Collected data:
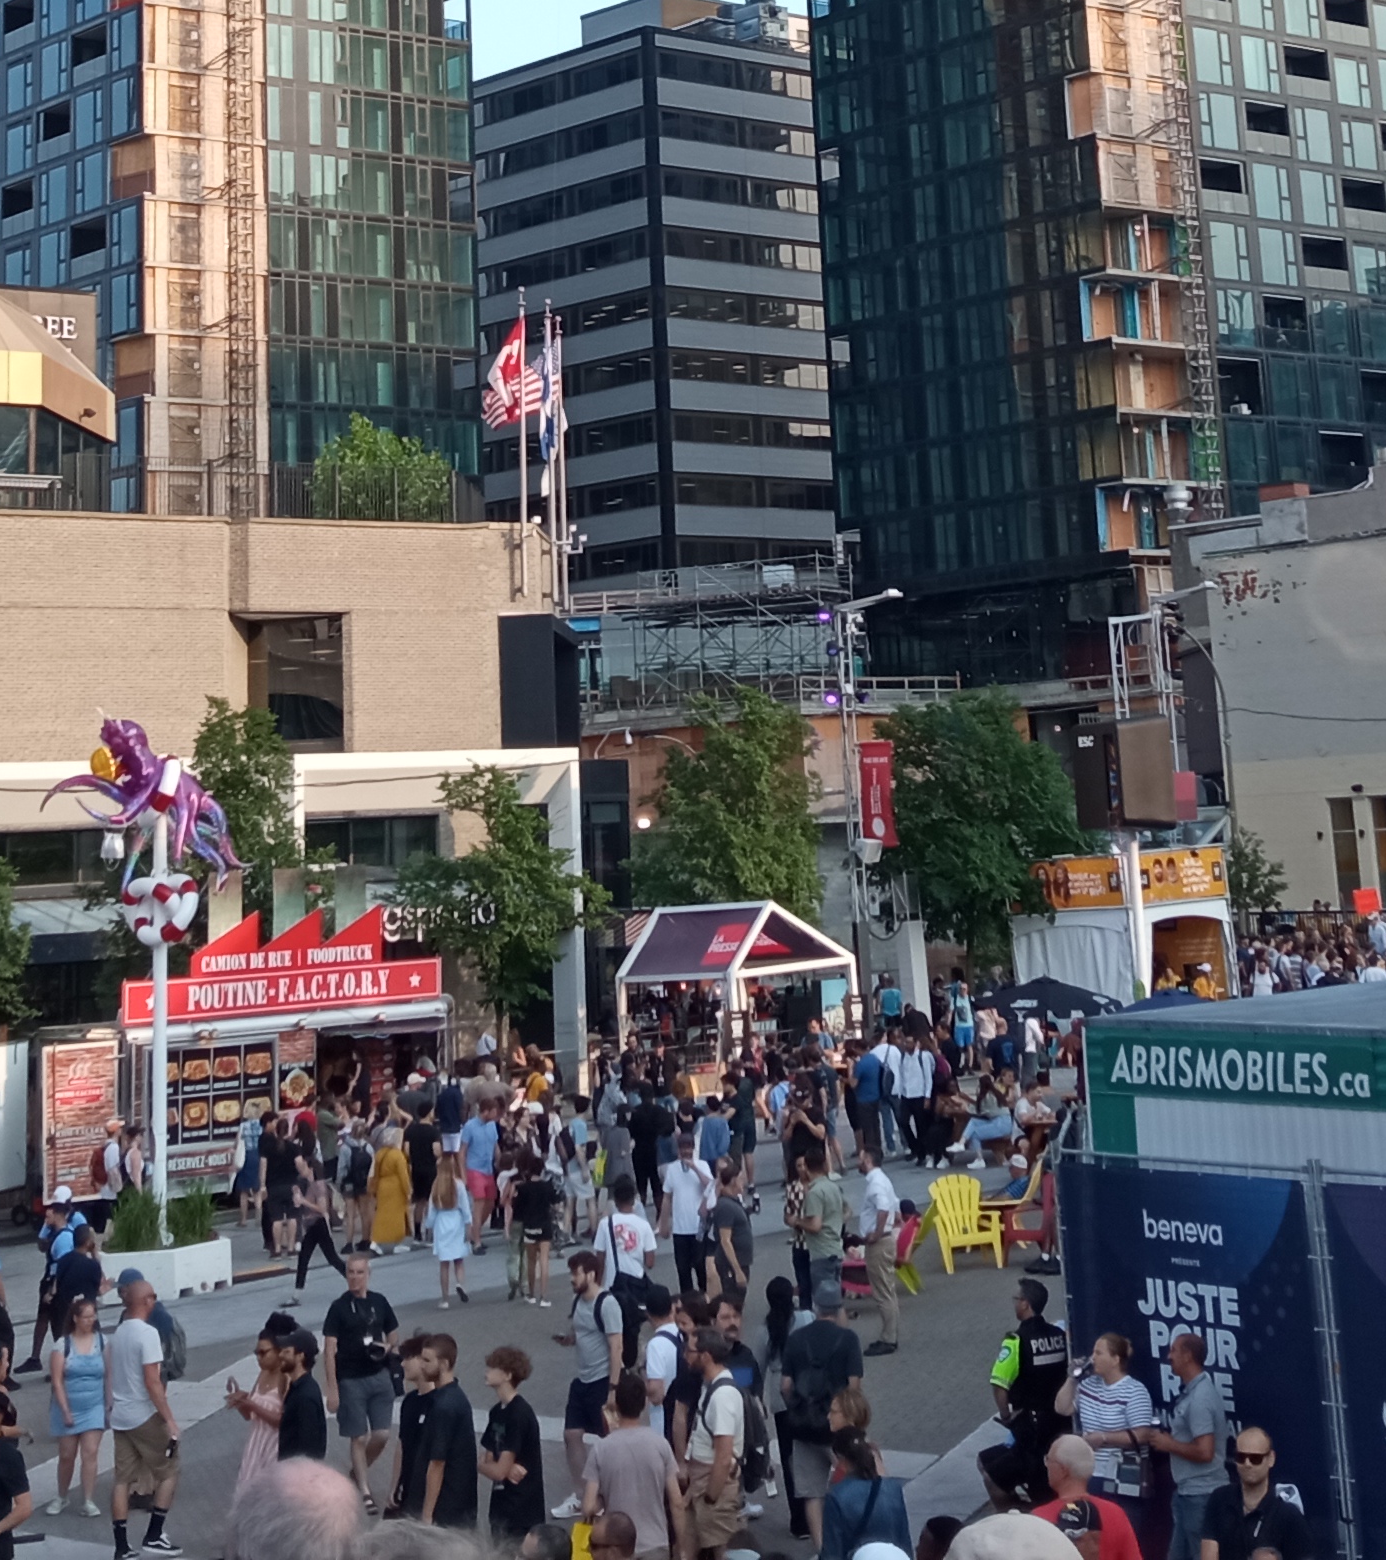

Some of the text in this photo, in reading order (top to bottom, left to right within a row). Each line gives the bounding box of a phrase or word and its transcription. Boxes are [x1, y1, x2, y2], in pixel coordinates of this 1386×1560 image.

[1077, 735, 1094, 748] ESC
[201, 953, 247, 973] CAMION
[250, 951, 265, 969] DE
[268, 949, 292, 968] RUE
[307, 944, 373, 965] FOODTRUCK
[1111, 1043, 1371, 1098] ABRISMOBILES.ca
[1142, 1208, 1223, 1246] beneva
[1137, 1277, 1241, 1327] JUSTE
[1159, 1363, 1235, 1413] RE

__Task directions__:
In the copy, keep every line of the data above exactly and drop each picture.

__Solution for this task__:
Some of the text in this photo, in reading order (top to bottom, left to right within a row). Each line gives the bounding box of a phrase or word and its transcription. Boxes are [x1, y1, x2, y2], in pixel coordinates of this 1386×1560 image.

[1077, 735, 1094, 748] ESC
[201, 953, 247, 973] CAMION
[250, 951, 265, 969] DE
[268, 949, 292, 968] RUE
[307, 944, 373, 965] FOODTRUCK
[1111, 1043, 1371, 1098] ABRISMOBILES.ca
[1142, 1208, 1223, 1246] beneva
[1137, 1277, 1241, 1327] JUSTE
[1159, 1363, 1235, 1413] RE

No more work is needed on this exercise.